Os trilhos amazônicos e a soja

Nos primeiros meses de 2017 o Brasil se chocou, mais uma
vez, com o calamitoso estado de suas estradas e com o reflexo disso na
competitividade econômica do País. A lama e as enormes filas de carros e
caminhões atolados em algumas das rodovias federais mais importantes para o
escoamento de produtos agrícolas viraram tema de reportagens em horário nobre
na TV.

Essas imagens vieram num momento em que Brasil retomava a
campanha pela chamada saída norte, um conjunto de sistemas de transporte que
cruza o coração da Amazônia e oferece uma alternativa vantajosa ao produtor que
quer exportar. Hoje, a primeira opção em Mato Grosso, o maior produtor de grãos
do País, é percorrer 1.500 quilômetros de estradas para chegar aos portos do
Sul e do Sudeste. Nesse modelo, o transporte rodoviário é caro e os portos são
muito concorridos. A saída norte prevê que o deslocamento dos caminhões seguirá
no sentido oposto a esse, pela BR-163, que liga Mato Grosso a Itaituba, no
Pará, onde os grãos poderão ser transferidos para balsas e seguir rio abaixo,
pelo Tapajós, até os portos exportadores ao longo do Rio Amazonas e seus
afluentes. Ainda é possível que se construa uma ferrovia nesse trajeto. Como
resultado do projeto se evitaria o desperdício de R$ 350 milhões – conforme
mostrou reportagem do Estadão em 4 de março – e se ampliaria a competitividade
da soja brasileira.

Trata-se, porém, de uma iniciativa complexa. A saída norte
leva estrada, ferrovia, hidrovias e portos para a Amazônia, um bioma de
riquezas e desafios enormes, caracterizado por florestas, desmatamento ilegal,
grilagem de terras, povos indígenas, ribeirinhos, pescadores, extrativistas e
rios cor de esmeralda, como o Tapajós, e seus botos. Essa equação única, já deu
para notar, não se resolve com um edital de licitação para um projeto da
ferrovia. Muito menos com operações tapa-buraco e pontes de madeira ou com o
Exército pavimentando homeopaticamente a estrada. Esse modal é de uma
complexidade amazônica e deve ser realizado como tal.

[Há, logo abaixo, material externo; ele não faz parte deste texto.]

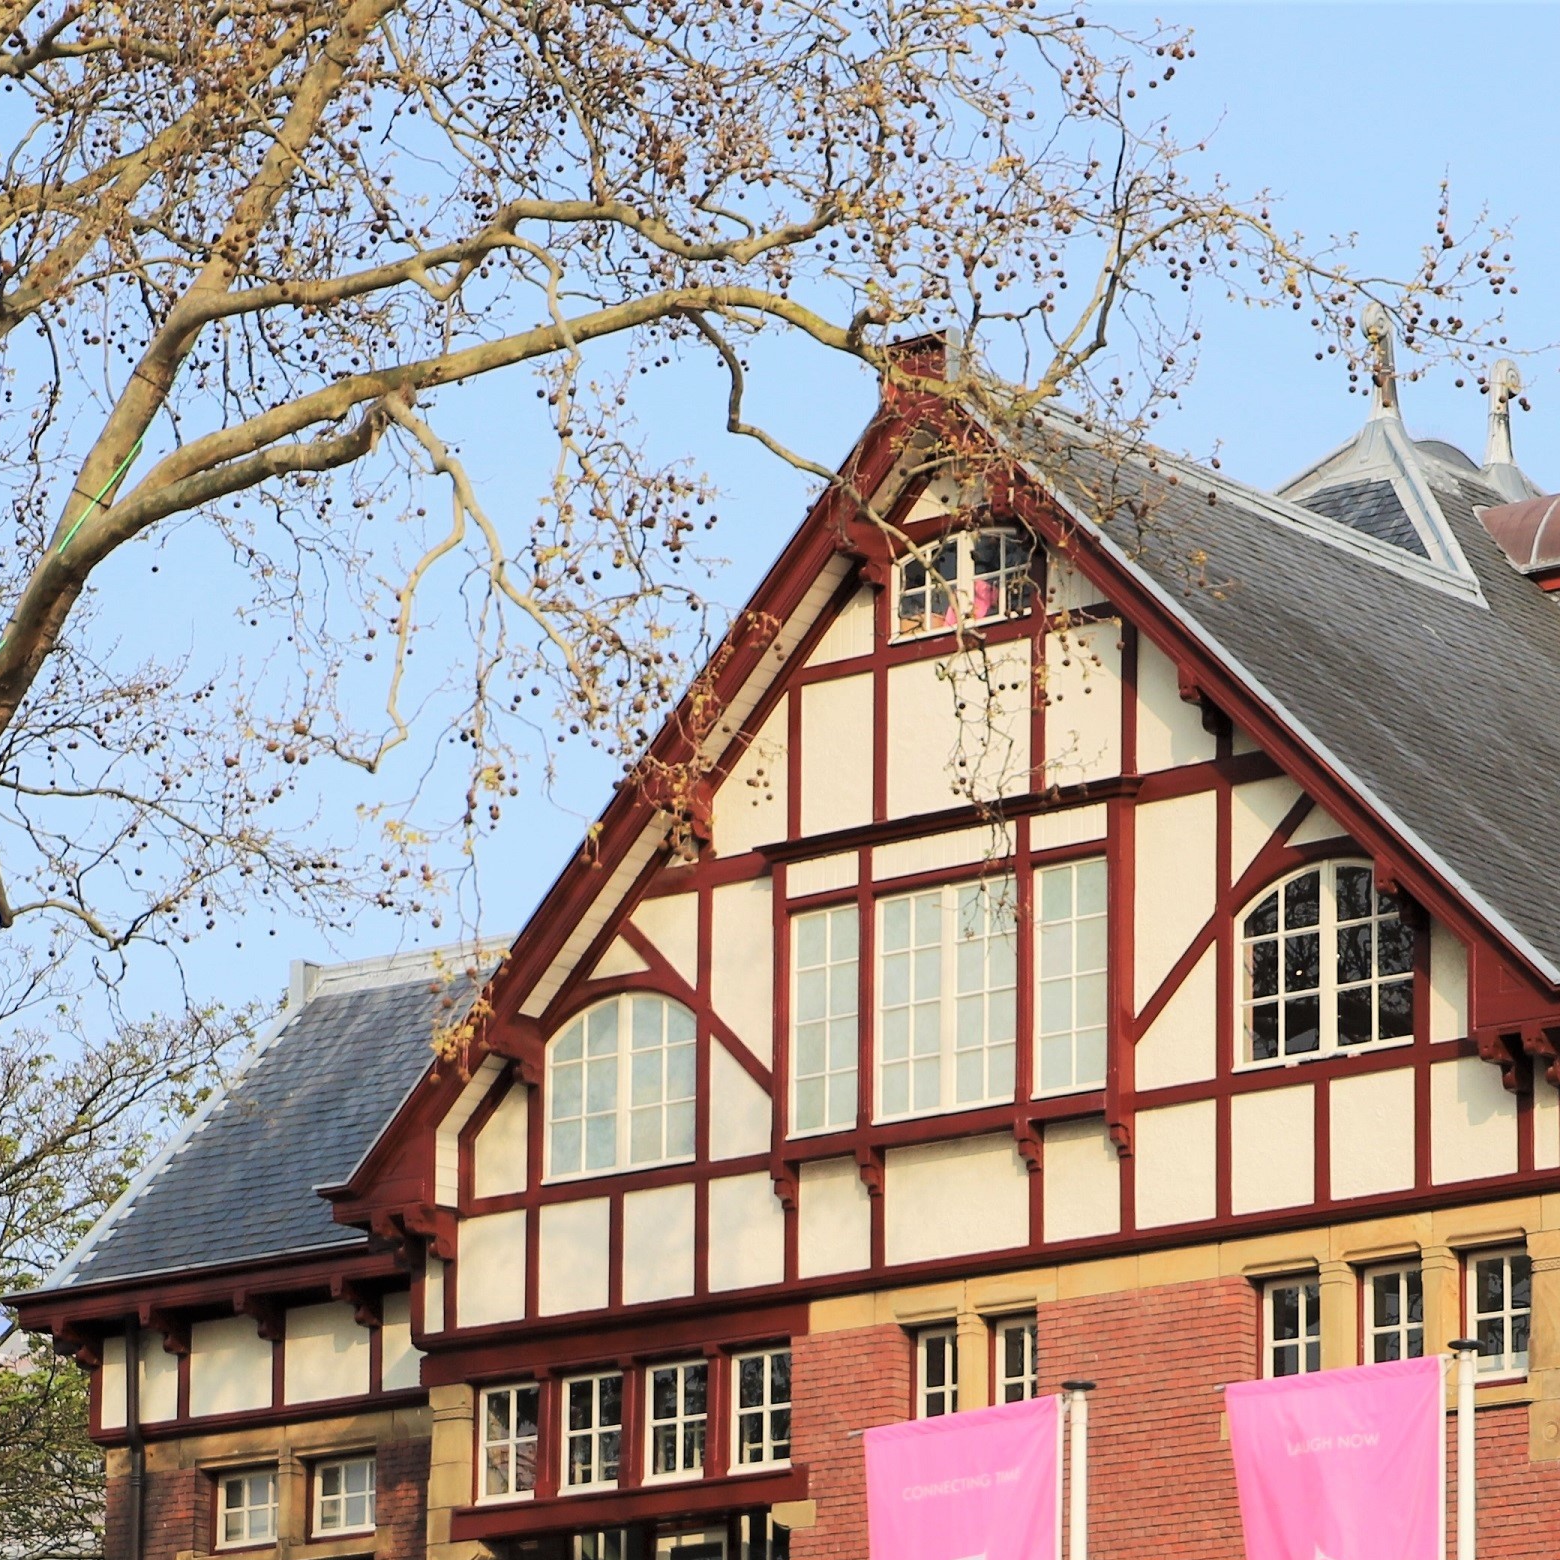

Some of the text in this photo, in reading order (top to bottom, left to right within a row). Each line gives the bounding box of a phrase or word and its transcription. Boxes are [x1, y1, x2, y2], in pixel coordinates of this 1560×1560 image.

Um ponto que agrava essa complexidade é o fato de mais de
80% do desmatamento da Amazônia ser registrado às margens de rodovias. A
própria BR-163 já teve um plano sustentável, nos idos dos anos 2000, para
conciliar florestas e asfalto, mas que acabou abandonado. Algumas unidades de
conservação que foram criadas naquela época para conter o avanço da fronteira
agrícola são, hoje, objeto de medida provisória para sua redução. No país que
se comprometeu internacionalmente a zerar o desmatamento, as unidades de
conservação correm o risco de ser “descriadas”, legitimando a grilagem e o
desmatamento ilegal.

 

Por tudo isso a saída norte, para ser respeitada e
defendida, precisa de um reforço da parte do governo para as ações de controle
do desmatamento, com destaque para as unidades de conservação e a implementação
do Cadastro Ambiental Rural. O setor privado também precisa fazer a sua parte e
reforçar seus compromissos de monitorar a cadeia e de não comprar soja, boi ou
qualquer outro produto quando ele provocar desmatamento.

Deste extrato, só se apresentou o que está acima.